◆ TASK DATA
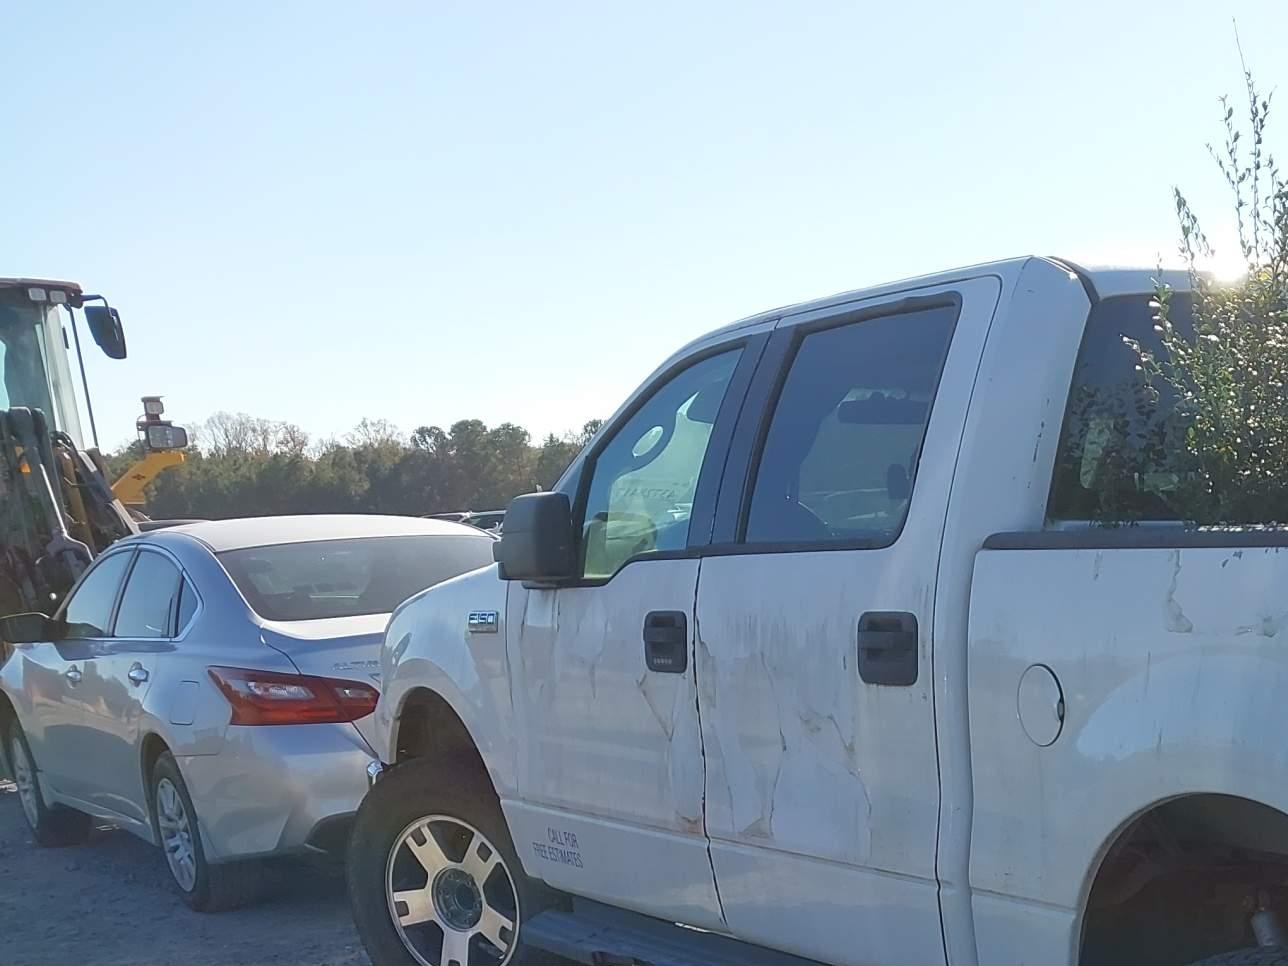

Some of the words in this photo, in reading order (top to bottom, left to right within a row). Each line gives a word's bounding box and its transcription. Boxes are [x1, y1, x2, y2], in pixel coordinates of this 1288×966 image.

[547, 827, 565, 846] CALL
[564, 831, 579, 849] FOR
[533, 842, 549, 861] FREE
[548, 847, 584, 869] ESTIMATES

◆ EXERCISE OBJECTIVE
Reproduce the full listing above verbatim, with no pictures included.

◆ SOLUTION FOR THIS PROBLEM
Some of the words in this photo, in reading order (top to bottom, left to right within a row). Each line gives a word's bounding box and its transcription. Boxes are [x1, y1, x2, y2], in pixel coordinates of this 1288×966 image.

[547, 827, 565, 846] CALL
[564, 831, 579, 849] FOR
[533, 842, 549, 861] FREE
[548, 847, 584, 869] ESTIMATES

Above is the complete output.